* Entries supplied:
◆ ◆ ◆ ◆ ◆
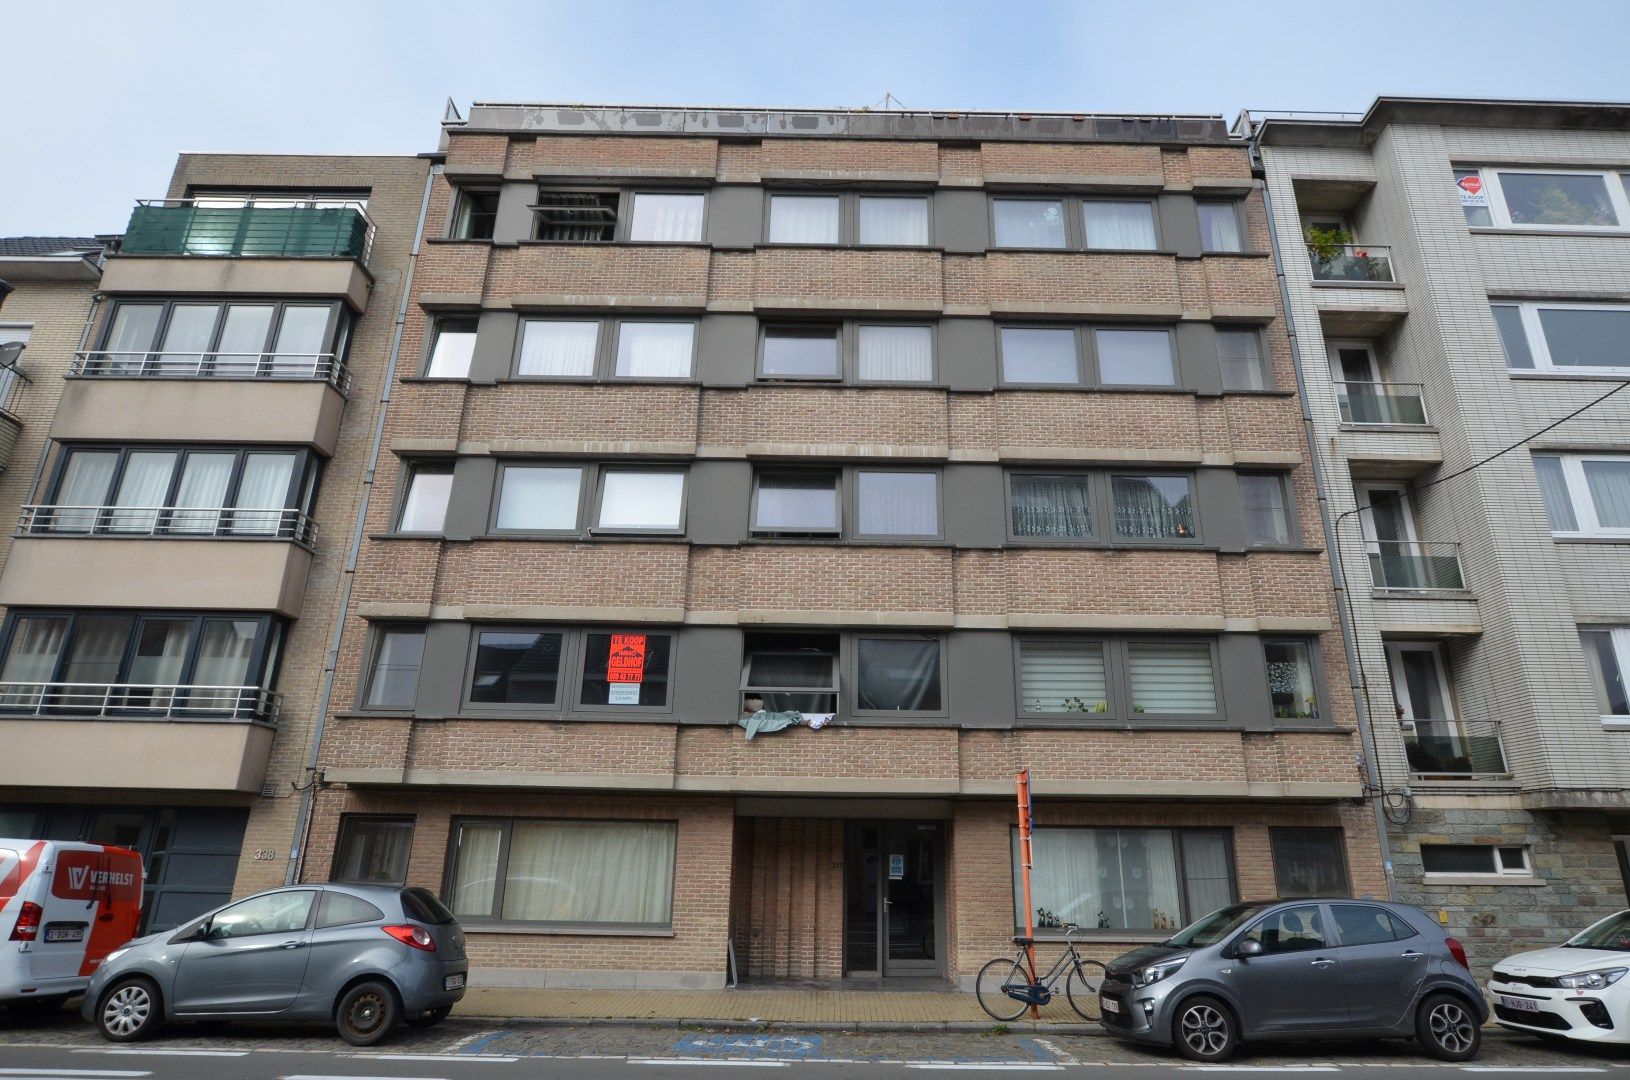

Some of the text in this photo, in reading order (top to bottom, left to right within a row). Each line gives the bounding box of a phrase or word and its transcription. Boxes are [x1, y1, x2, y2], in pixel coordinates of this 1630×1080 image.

[613, 636, 644, 645] TE KOOP
[611, 656, 643, 668] GELDHOF
[255, 849, 275, 860] 338
[90, 870, 134, 886] VERHELST
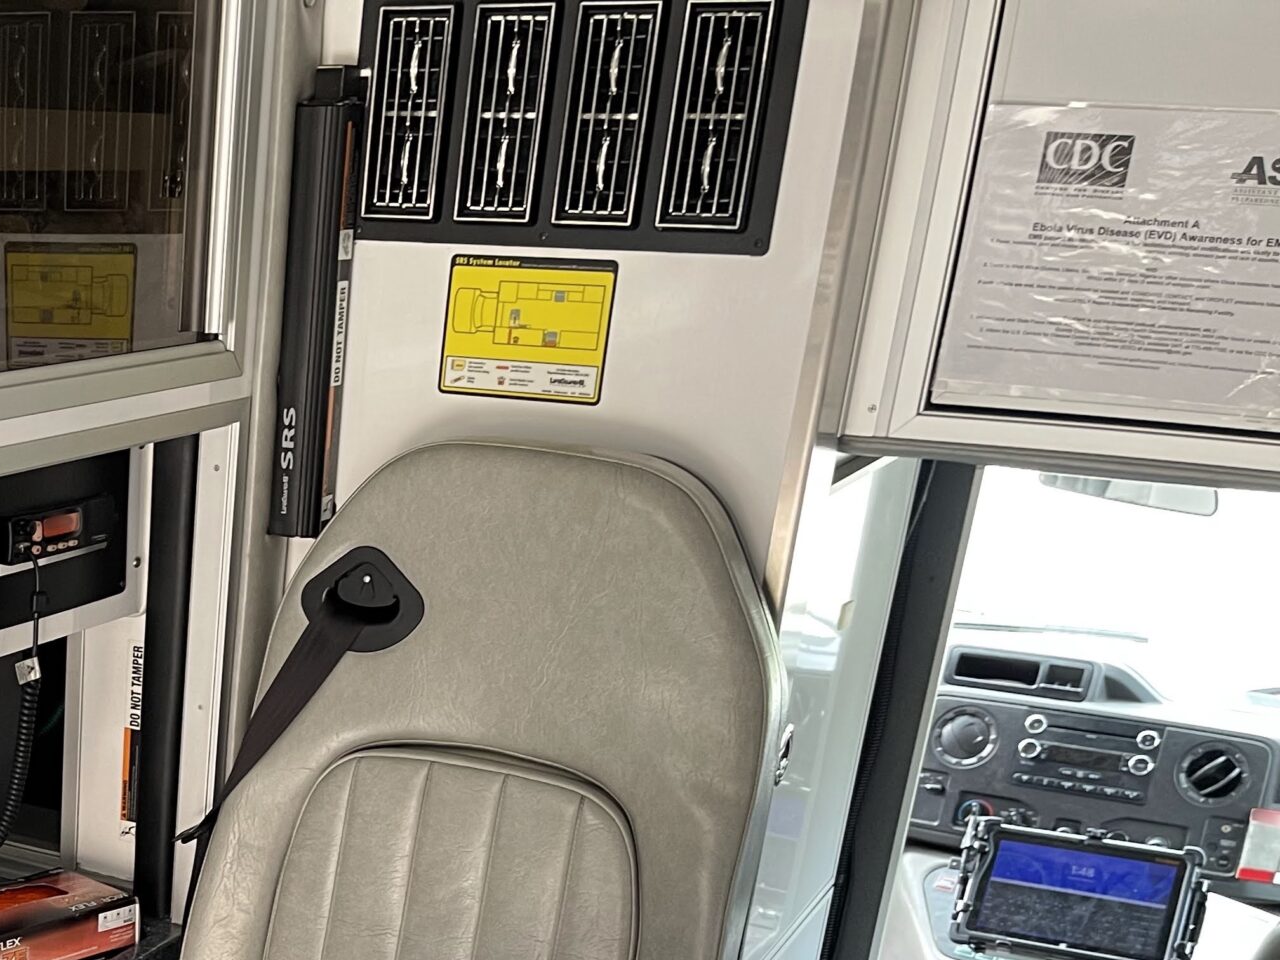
◆ ◆ ◆ ◆ ◆
* Work instructions:
Reproduce every record in full. Leave out the images.

* Answer box:
Some of the text in this photo, in reading order (top to bottom, left to right within a row). Each line gives the bounding box of a phrase or word and its transcription. Boxes are [x1, y1, x2, y2], in pixel coordinates of this 1630×1080 image.

[613, 636, 644, 645] TE KOOP
[611, 656, 643, 668] GELDHOF
[255, 849, 275, 860] 338
[90, 870, 134, 886] VERHELST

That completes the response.